What is being asked :: Your job is to retype all of the data word for word, leaving every image out.

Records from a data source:
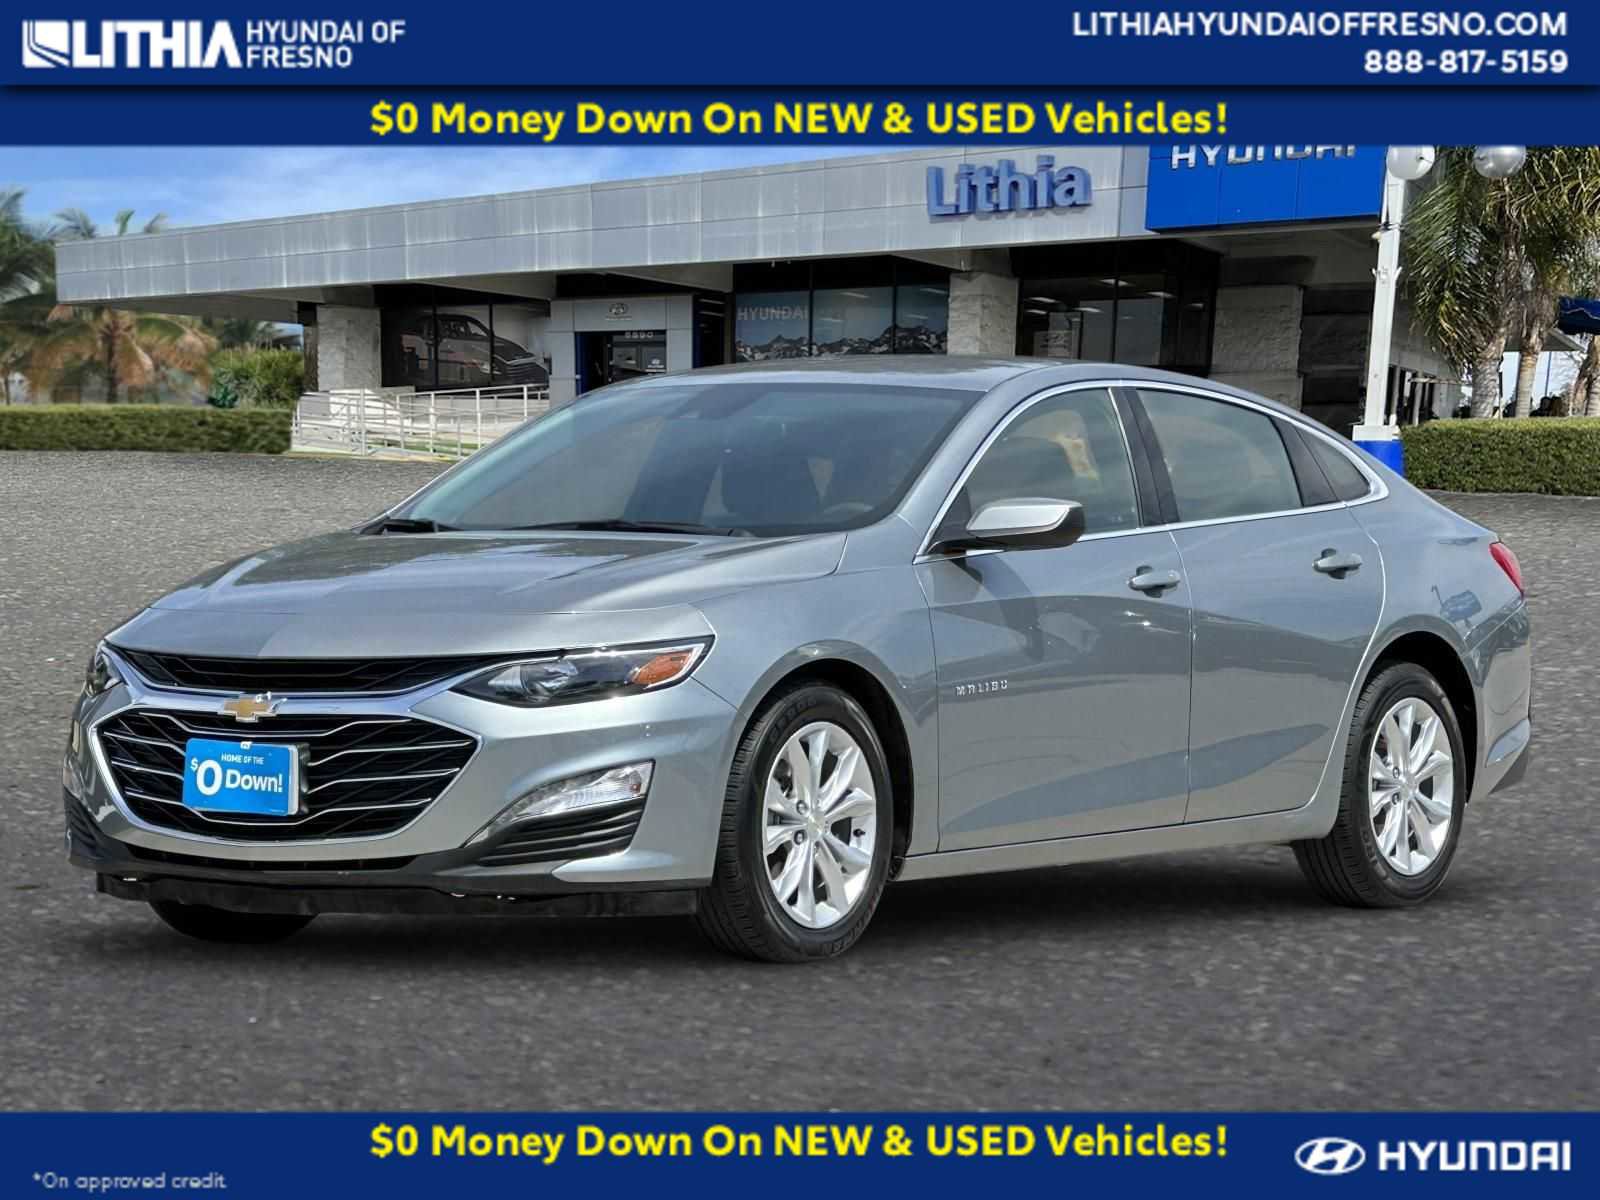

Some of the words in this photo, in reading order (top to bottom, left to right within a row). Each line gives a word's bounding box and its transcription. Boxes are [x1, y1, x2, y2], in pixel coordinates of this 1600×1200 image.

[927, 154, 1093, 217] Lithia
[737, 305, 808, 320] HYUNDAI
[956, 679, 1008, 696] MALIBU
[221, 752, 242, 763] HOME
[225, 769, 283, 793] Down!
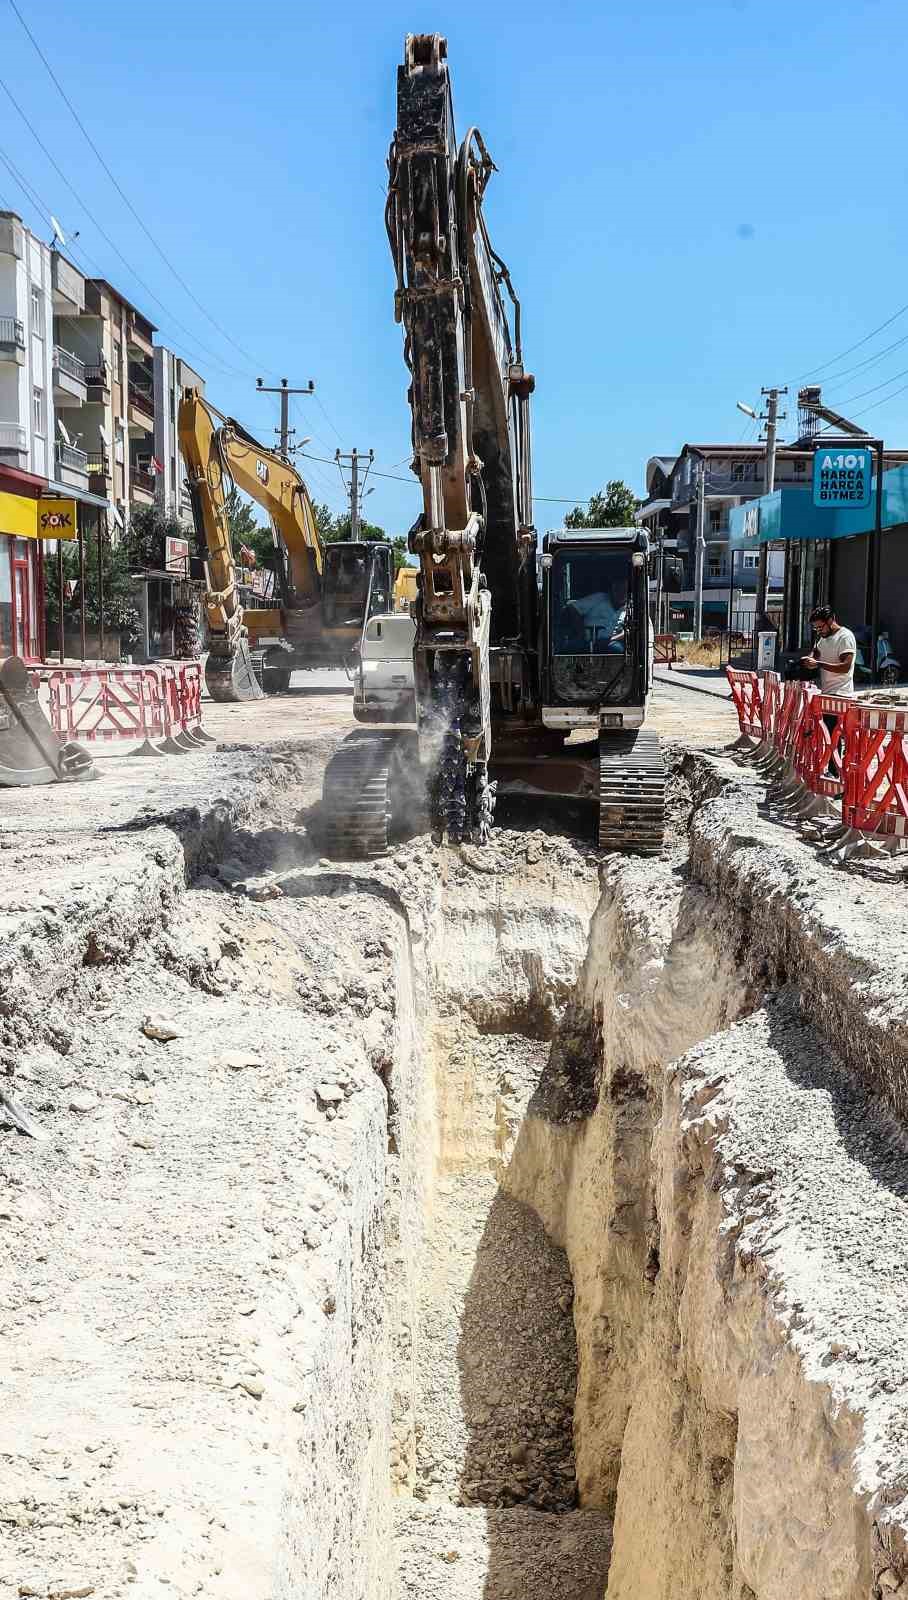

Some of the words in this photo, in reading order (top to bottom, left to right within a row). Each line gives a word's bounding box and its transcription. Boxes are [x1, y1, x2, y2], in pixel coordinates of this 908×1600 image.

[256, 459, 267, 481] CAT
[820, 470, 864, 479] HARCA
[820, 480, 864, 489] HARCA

Reply ::
Some of the words in this photo, in reading order (top to bottom, left to right within a row). Each line gives a word's bounding box and its transcription. Boxes are [x1, y1, x2, y2], in pixel coordinates of this 1600×1200 image.

[927, 154, 1093, 217] Lithia
[737, 305, 808, 320] HYUNDAI
[956, 679, 1008, 696] MALIBU
[221, 752, 242, 763] HOME
[225, 769, 283, 793] Down!

Some of the words in this photo, in reading order (top to bottom, left to right within a row). Each line gives a word's bounding box and its transcription. Boxes are [x1, y1, x2, y2], in pixel coordinates of this 908×1600 image.

[256, 459, 267, 481] CAT
[820, 470, 864, 479] HARCA
[820, 480, 864, 489] HARCA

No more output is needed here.